Three nerds discussing tech, Apple, programming, and loosely related matters.

@atpfm @siracusa @marcoarment @caseyliss SwiftUI isn’t responsible for what you dislike about System Settings.

By default, SwiftUI uses the AppKit widgets. You have to *opt in* to different styles, which System Settings has done.

And you can quibble about those styles, for sure. But this is about the designers, not the technology.

Difference between the screenshots below:

.formStyle(.grouped)
.toggleStyle(.switch)

Otherwise it’s the same code in both cases.

@clarko Not just different styles, but *new* styles, strongly suggesting that they are the path forward for macOS (just as SwiftUI is the API path forward).

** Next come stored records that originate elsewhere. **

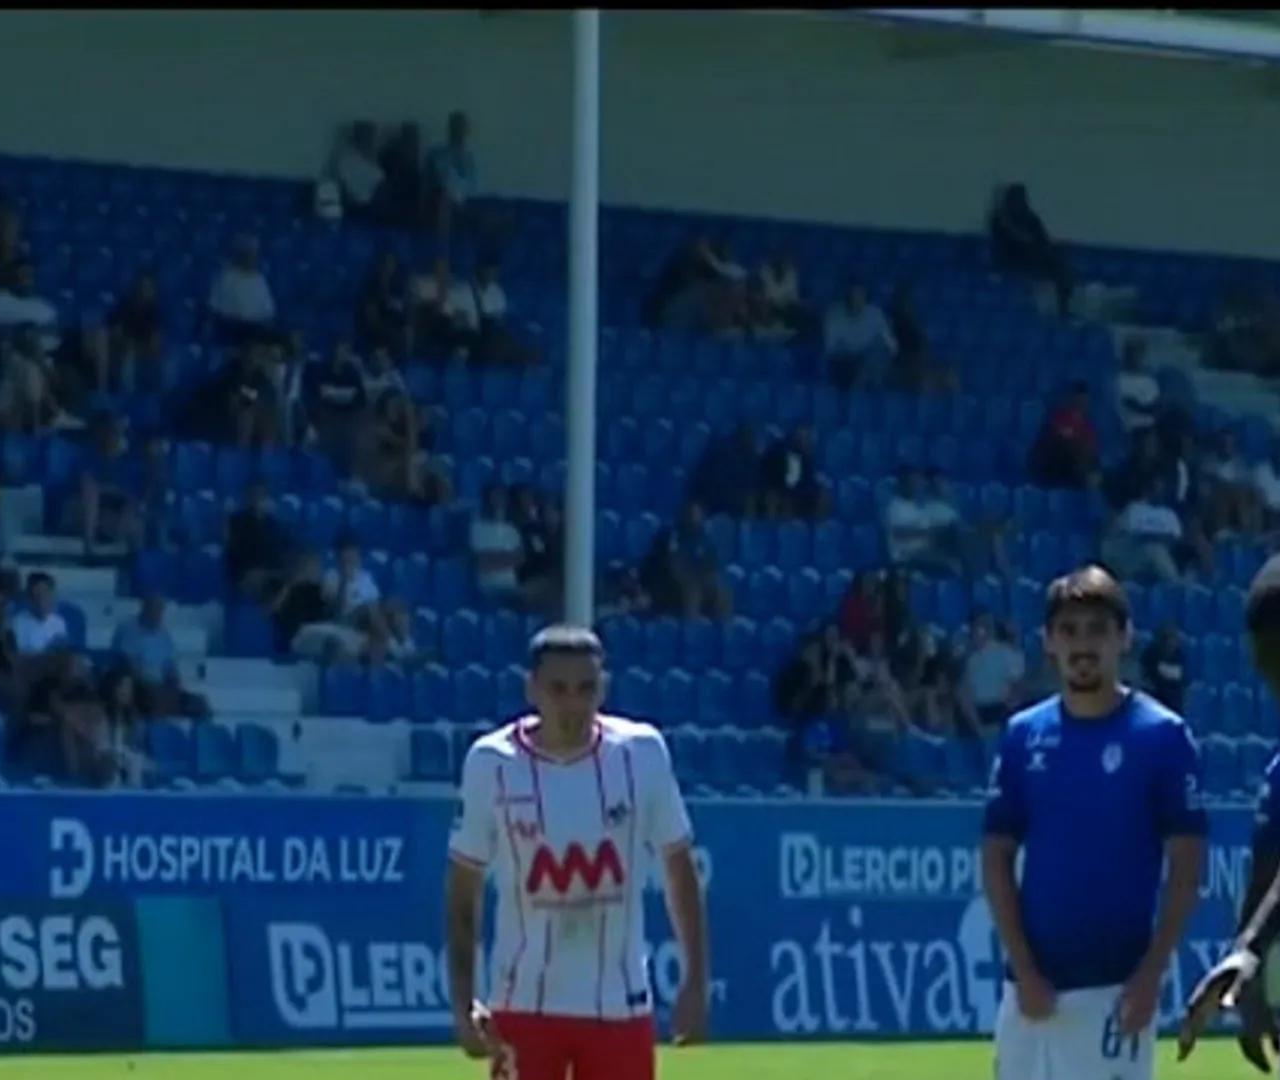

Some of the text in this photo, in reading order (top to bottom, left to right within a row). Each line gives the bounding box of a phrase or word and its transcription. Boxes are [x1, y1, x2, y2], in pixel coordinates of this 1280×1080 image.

[104, 836, 404, 883] HOSPITAL DA LUZ
[824, 846, 945, 891] LERCIO
[769, 905, 970, 1034] ativa
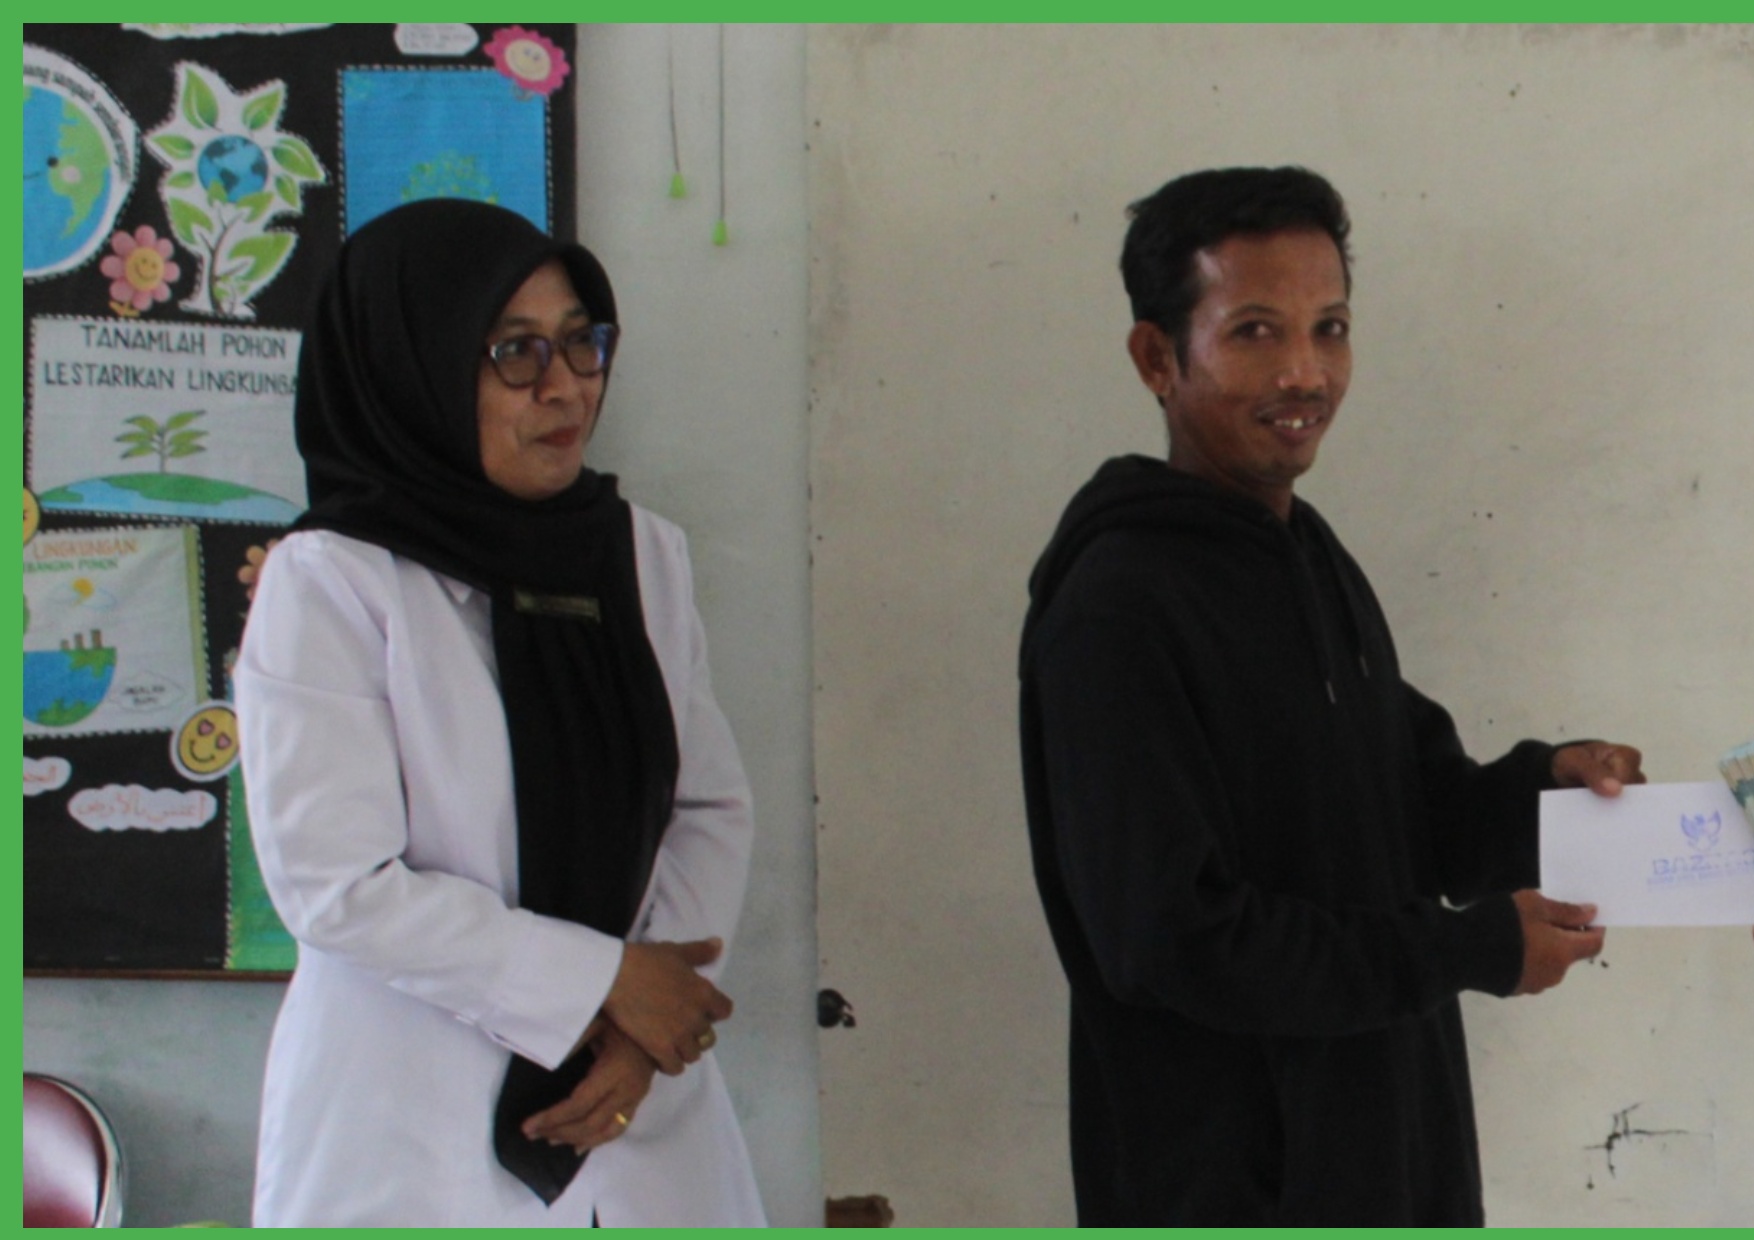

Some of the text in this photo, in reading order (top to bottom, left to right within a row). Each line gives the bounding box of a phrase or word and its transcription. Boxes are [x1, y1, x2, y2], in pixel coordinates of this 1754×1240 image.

[81, 324, 287, 358] TANAMLAH POHON
[44, 361, 175, 389] LESTARIKAN
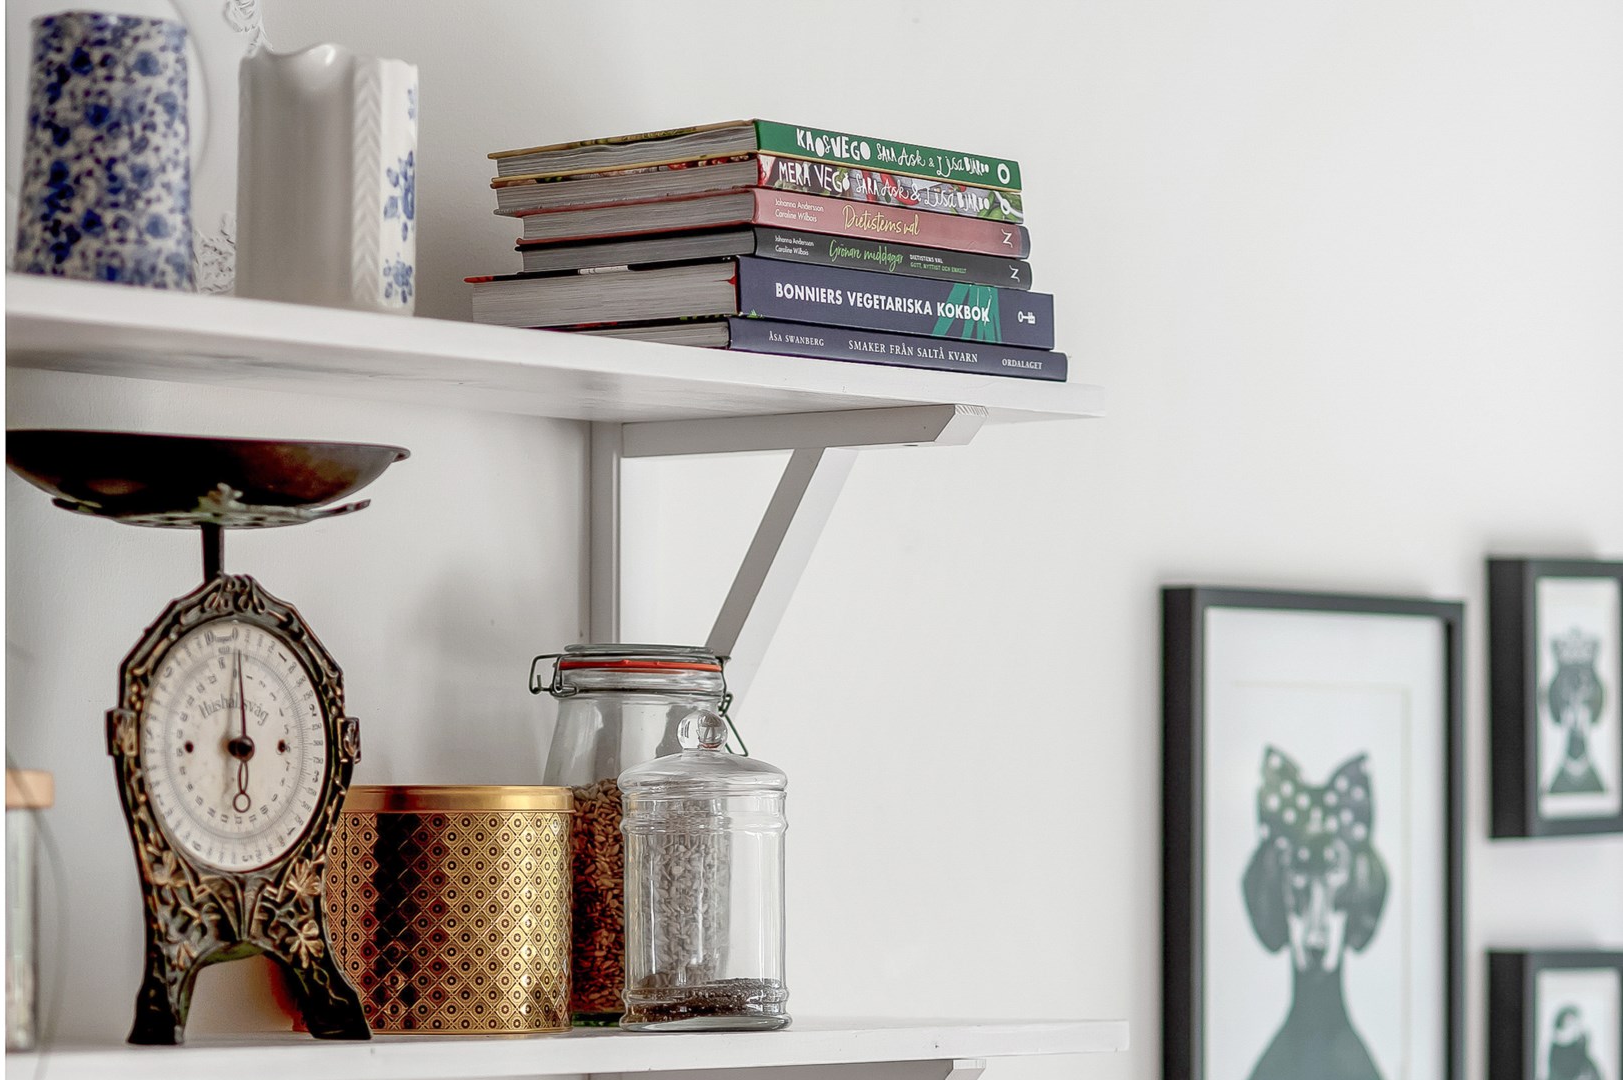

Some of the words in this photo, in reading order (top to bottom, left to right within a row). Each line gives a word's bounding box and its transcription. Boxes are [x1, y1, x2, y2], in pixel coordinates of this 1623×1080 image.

[876, 142, 897, 162] SARA
[897, 147, 926, 167] Ask
[928, 157, 935, 168] &
[936, 155, 965, 178] Lisa
[778, 161, 810, 187] MERA
[813, 164, 850, 192] VEGO
[855, 173, 880, 197] SARA
[880, 179, 909, 199] Ask
[910, 184, 921, 203] &
[924, 186, 957, 208] Lisa
[775, 197, 797, 208] Johanna
[797, 201, 825, 212] Andersson
[775, 208, 797, 219] Caroline
[903, 214, 921, 235] val
[829, 239, 862, 262] Grönare
[863, 244, 904, 272] middagar
[775, 282, 843, 305] BONNIERS
[847, 291, 932, 316] VEGETARISKA
[937, 302, 991, 324] KOKBOK
[768, 331, 784, 343] ÅSA
[785, 335, 825, 347] SWANBERG
[848, 340, 887, 353] SMAKER
[889, 341, 914, 356] FRÅN
[917, 347, 945, 360] SALTÅ
[948, 351, 978, 363] KVARN
[1002, 358, 1043, 371] ORDALAGET
[309, 703, 317, 717] 2
[312, 770, 320, 783] 3

@siracusa Sure, but I buy the design rationale offered by CFed at @gruber’s WWDC show last year, even if I don’t much care for all the gray lines and trapped negative space.

I think the biggest challenge for Mac aficionados going forward is the reality that there just aren’t many designers around anymore who’ve ever designed Mac apps, including the head of software design at Apple. A lot of the current generation of designers grew up with iPads.

@clarko @siracusa @gruber I’m no dev but surely they’ve all seen and used old Mac apps? (They’re literally replacing old design.) By the same token, all designers will have seen (hopefully studied) the work of their predecessors. Without trying to sound pretentious, I’m chalking this down to bad taste.

@dominoslater @siracusa @gruber People become designers for different reasons, have different interests, experience, priorities. Switching is hard. The work gets in your bones.

Analogizing to other professions: TV directors, movie directors, ad directors. Novelists, playwrights, comic book writers, poets. Jazz drummers and punk drummers.

Everyone is technically capable of doing another speciality. They’ve seen it their whole life, studied it, but they don’t switch. They’re not fungible.